How to get out of the crisis without reforms? The Belarusian authorities confront growing economic problems
2015 saw a drop in Belarus’s GDP for the first time in almost 20 years, which is primarily the result of a significant reduction in levels of production and export. As a consequence, there was also a serious depletion of the country’s foreign exchange reserves, as well as a progressive weakening of the Belarusian rouble. The macroeconomic figures from January and February 2016 show that these trends are not only continuing, but they are also becoming even more severe, which confirms that Belarus now finds itself in a prolonged economic crisis. On one hand, the reason for this state of affairs is the protracted economic recession in Russia, which is Belarus’s main economic partner, together with the drastic global decline in prices for fuel, which is a key Belarusian export. On the other hand, meanwhile, an equally important reason for the current crisis is the failure of the Belarusian economic model. President Aleksandr Lukashenko, out of fear that his authoritarian system of government will be dismantled and that public discontent will rise, has categorically rejected the proposals for even partial reforms put forward by some of his entourage, who are aware of the need for the immediate transformation of the country’s anachronistic and very costly economic model, based as it still is on quasi-Soviet management policies.
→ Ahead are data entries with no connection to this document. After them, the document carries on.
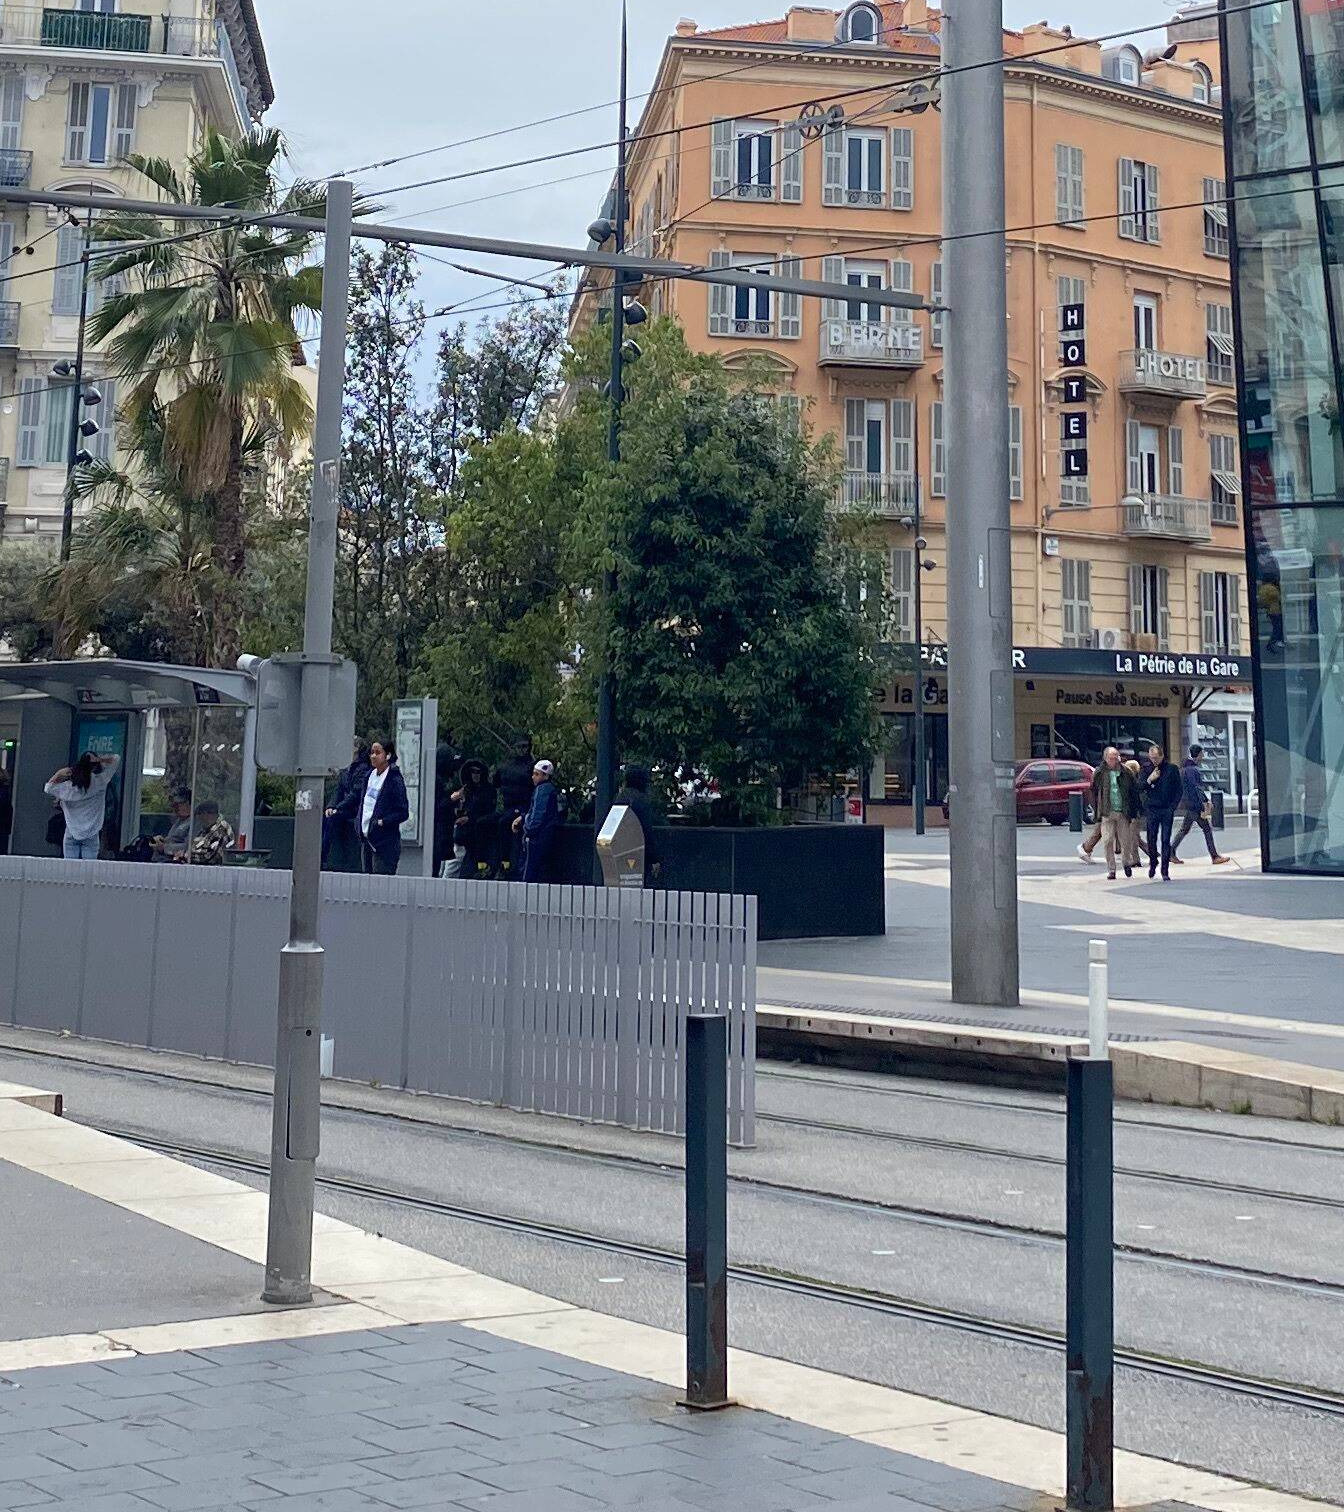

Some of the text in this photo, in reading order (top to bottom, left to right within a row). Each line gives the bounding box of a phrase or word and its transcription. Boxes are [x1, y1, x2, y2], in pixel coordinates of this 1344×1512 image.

[829, 324, 921, 350] BERNE
[1147, 352, 1206, 383] HOTEL
[1067, 309, 1080, 472] HOTEL
[1116, 653, 1239, 676] La Pétrie de la Gare
[1057, 690, 1092, 705] Pause
In this situation the Belarusian authorities have adopted a familiar tactic in order to obtain large, low-interest stabilisation loans, principally from the International Monetary Fund and the Russian-controlled Eurasian Stabilisation and Development Fund. In the context of Minsk’s new opening in its relations with the EU, a possible thaw with Washington, and its close cooperation with Russia, it seems quite probable that it will obtain financial support. And despite the fact that these two institutions, in particular the IMF, have demanded reforms, we should not expect Minsk to bow to their pressure and undertake a comprehensive reconstruction of its inefficient economic system. Lukashenko’s current policy of survival based on loans is only postponing the inevitable reforms, while further increasing their social and financial costs when they arrive.
Symptoms of the crisis
In the past year Belarus’s GDP has decreased by 3.9%, which means the end of the country’s 19-year trend of growth. One of the main reasons for this is certainly the significant drop in Belarusian exports, which make up more than half of GDP. In 2015, the value of exports from Belarus amounted to US$26.6 billion, which is up to US$9.3 billion (26%) less than the previous year. This was accompanied by a decrease in imports of US$10.1 billion (25%). However, this did not affect the downward trend in Belarusian foreign trade, which has been continuing for many years, and last year also closed with a negative balance of US$-3.6 billion. It is worth noting that the largest drop in exports (30%) was to the markets of the CIS countries, and in the case of exports to Russia (which remains the main trading partner for Belarus), this meant a loss of US$4.7 billion in potential income[1]. This is a result of the deep economic recession in Russia, as well as in other post-Soviet markets important for Belarus (mostly Ukraine and Kazakhstan). Also subject to economic downturn (although to a lesser extent than Russia) was the goods trade with the EU; the sales value of Belarusian goods to the EU fell by 19%, slightly more than US$2 billion.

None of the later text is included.